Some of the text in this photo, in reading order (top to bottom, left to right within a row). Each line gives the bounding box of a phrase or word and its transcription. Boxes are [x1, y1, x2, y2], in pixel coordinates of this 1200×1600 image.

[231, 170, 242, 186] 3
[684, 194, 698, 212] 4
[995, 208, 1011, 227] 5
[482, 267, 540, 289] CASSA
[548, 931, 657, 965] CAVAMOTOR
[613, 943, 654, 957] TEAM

**Task objective:** Give back the full listing exactly as it stands above.

**Your solution:**
Some of the text in this photo, in reading order (top to bottom, left to right within a row). Each line gives the bounding box of a phrase or word and its transcription. Boxes are [x1, y1, x2, y2], in pixel coordinates of this 1200×1600 image.

[231, 170, 242, 186] 3
[684, 194, 698, 212] 4
[995, 208, 1011, 227] 5
[482, 267, 540, 289] CASSA
[548, 931, 657, 965] CAVAMOTOR
[613, 943, 654, 957] TEAM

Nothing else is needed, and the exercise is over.